What is the difference between a sewer scope inspection and a sewer line camera inspection?
A sewer scope inspection and a sewer line camera inspection are essentially the same thing. Both refer to the process of using a specialized camera to inspect the interior of a sewer line and identify any problems or issues. The terms may be used interchangeably.
Adding sewer scope inspections to your list of ancillary services can be financially advantageous for you as a home inspector, as well as very advantageous for the property owner and prospective home buyer. Inspectors must remember to follow the required procedures before, during, and after the sewer scope to avoid causing harm and liability. A sewer scope can detect any possible flaws in the property’s pipelines, but it should not be used to inspect the backflow system, city tap, or septic tank. If any flaws are found, the home inspector should recommend that the homeowner meet with or employ a specialist.
Sewer Scope FAQs
How often should I scope my sewer line?
Regardless of the age of your sewer pipes, we recommend having a pipe inspection done every year or two.
How long does it take to jet a sewer line?
How Long Does Hydro Jetting Take? The average time to perform hydro jetting is about 60 minutes. If you have a lot of cleaning, you can expect about 90 minutes.

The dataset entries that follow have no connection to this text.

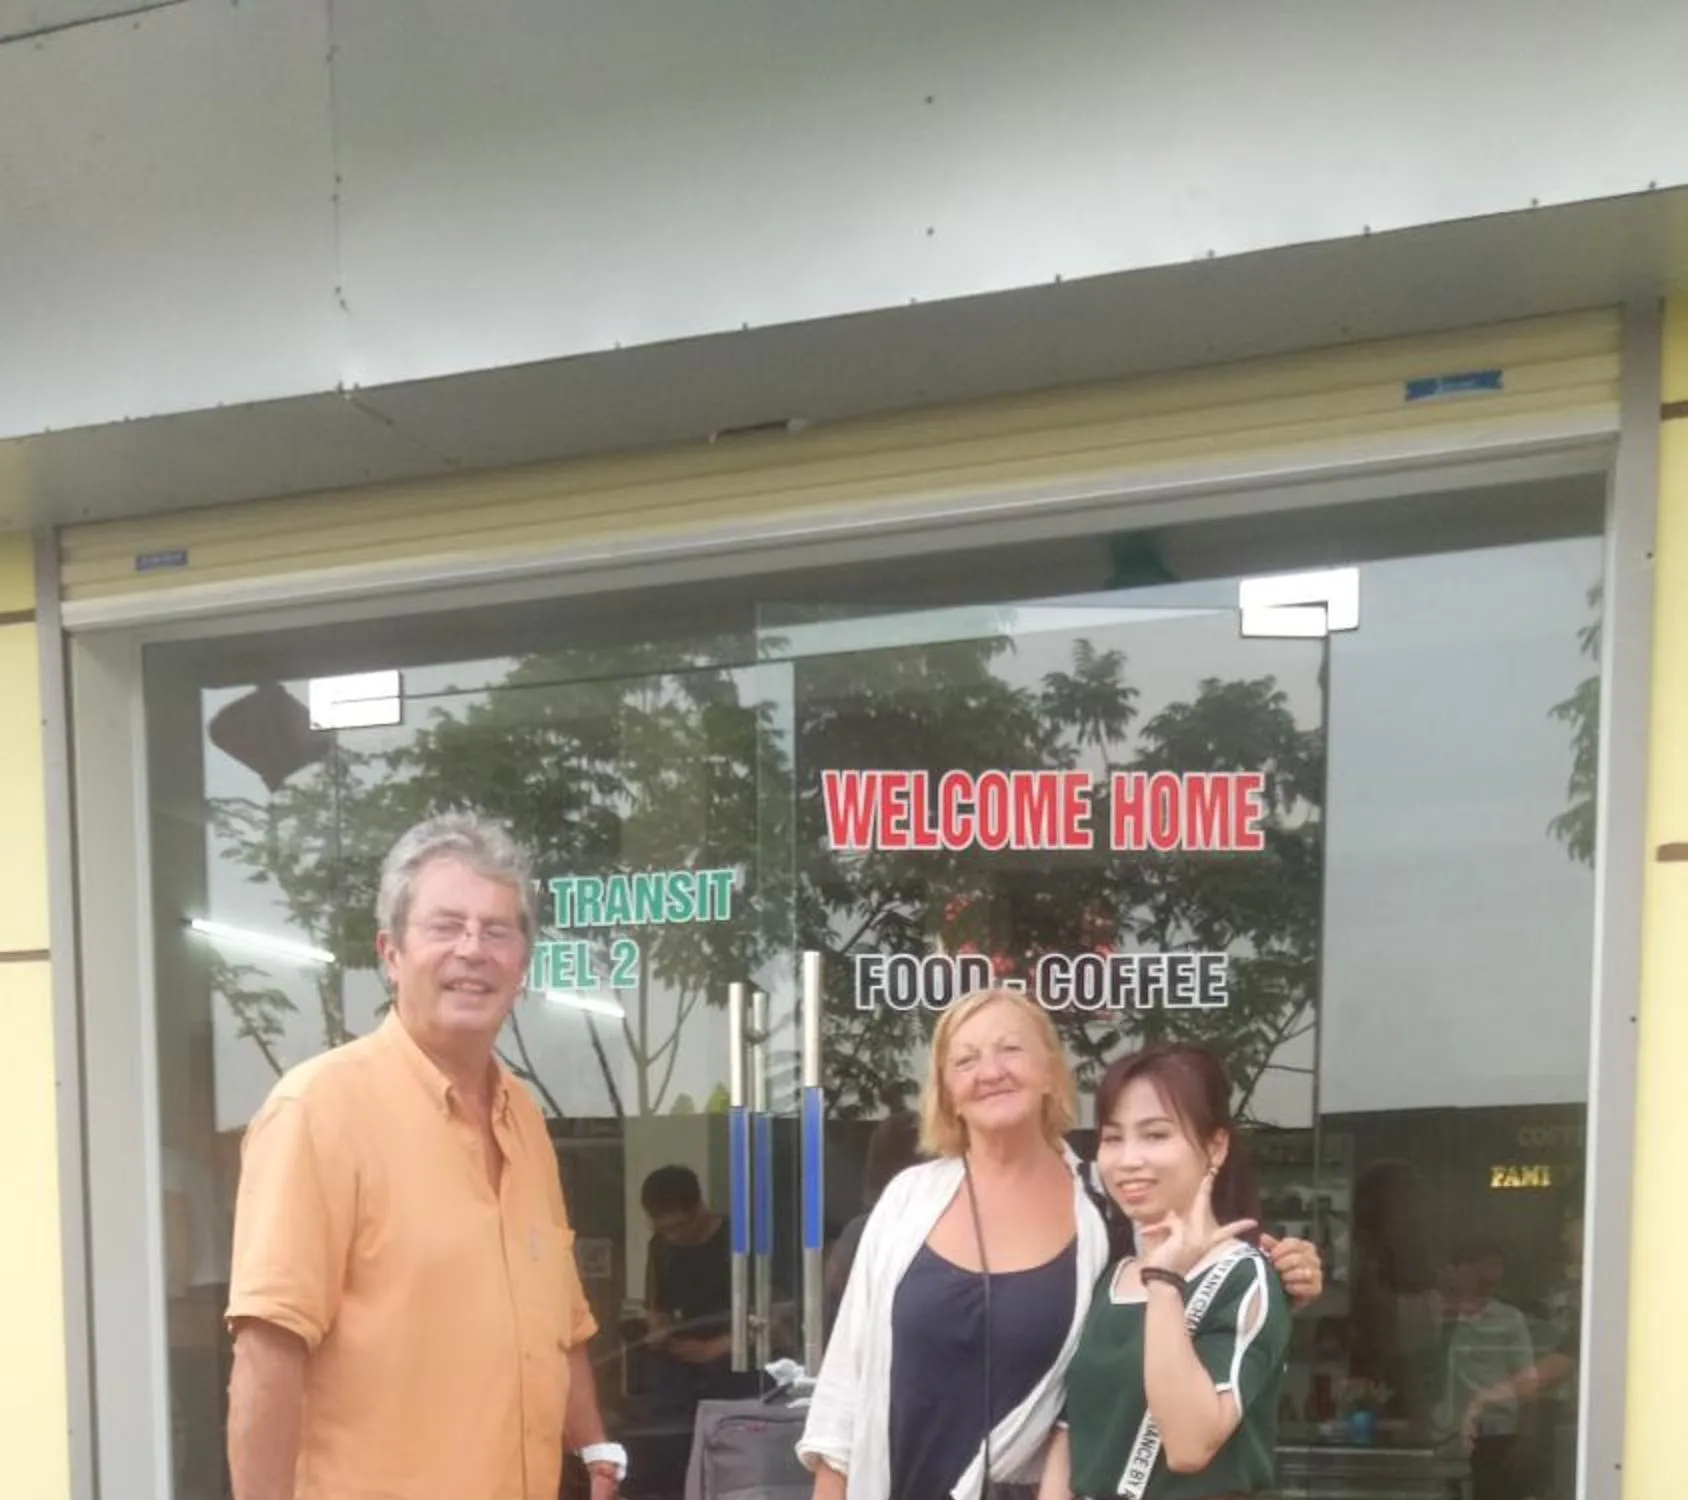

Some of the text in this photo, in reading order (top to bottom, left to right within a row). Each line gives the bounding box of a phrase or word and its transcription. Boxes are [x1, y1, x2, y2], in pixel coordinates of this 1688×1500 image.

[821, 769, 1265, 851] WELCOME HOME
[549, 869, 735, 928] TRANSIT
[530, 938, 640, 991] TEL 2
[855, 953, 994, 1011] FOOD
[1036, 952, 1228, 1010] COFFEE
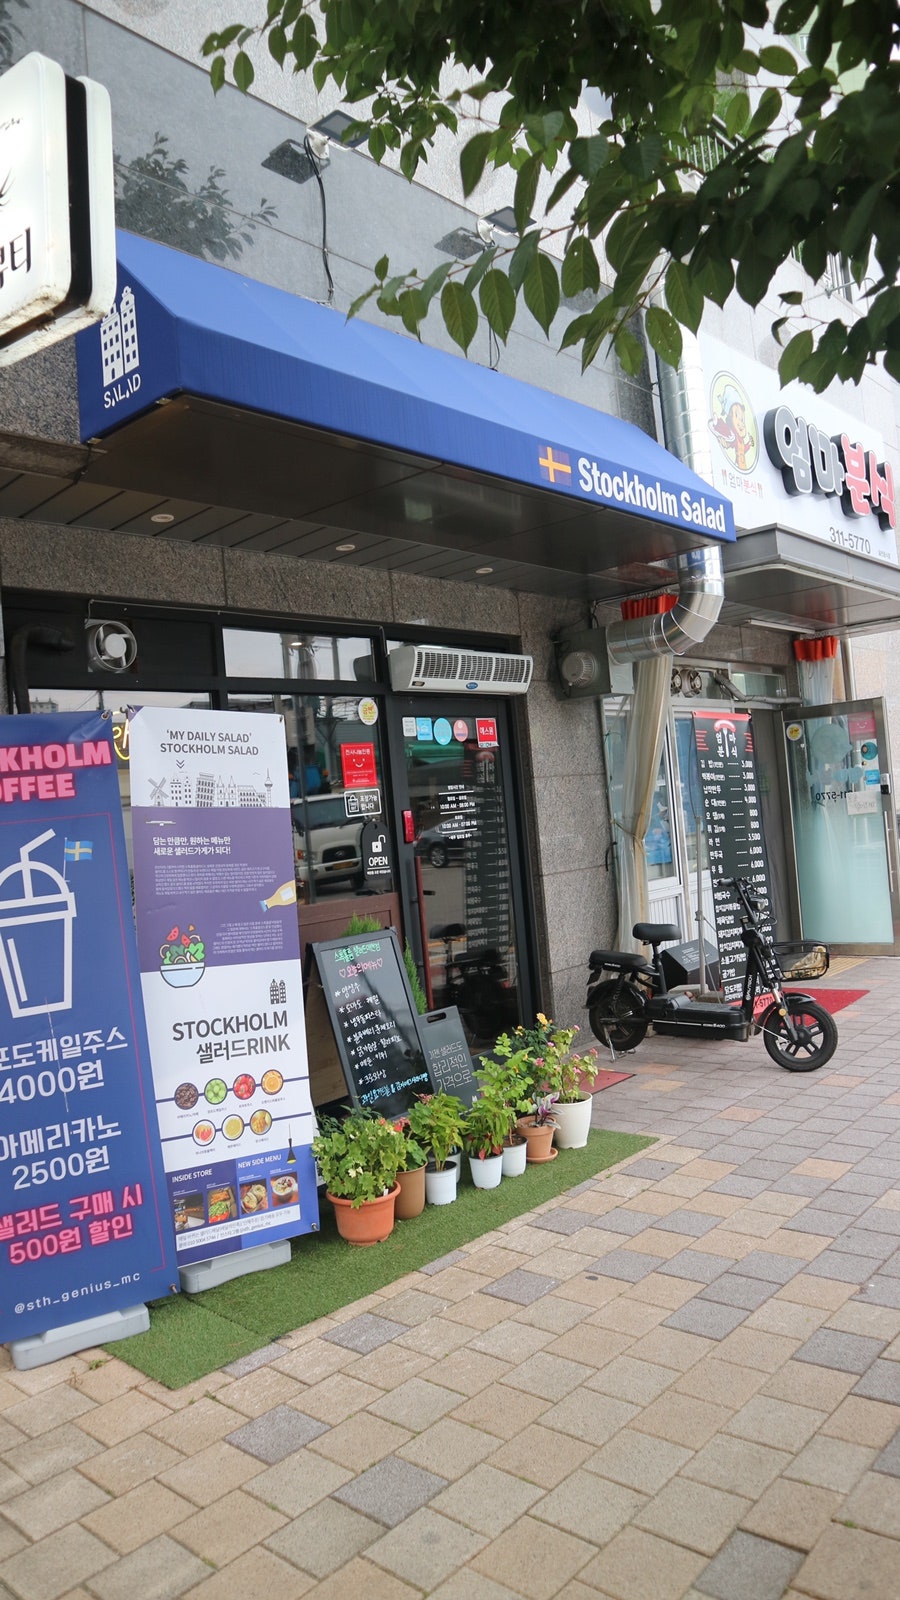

Should I get my sewer line scoped?
Absolutely. As touched upon above, a sewer line is often one of the most costly things to repair in a home. Getting a sewer scope inspection can help you avoid investing in a home that has serious issues with the sewer/septic system.
Can you scope a sewer line through a toilet?
A sewer system camera inspection is where your plumber uses a waterproof camera system to find the location of sewer line problems. … The plumber can use the camera to inspect drain lines from the shower, bathtub, sinks, and toilets. When a problem is discovered, the plumber relies on the transmitter inside the camera.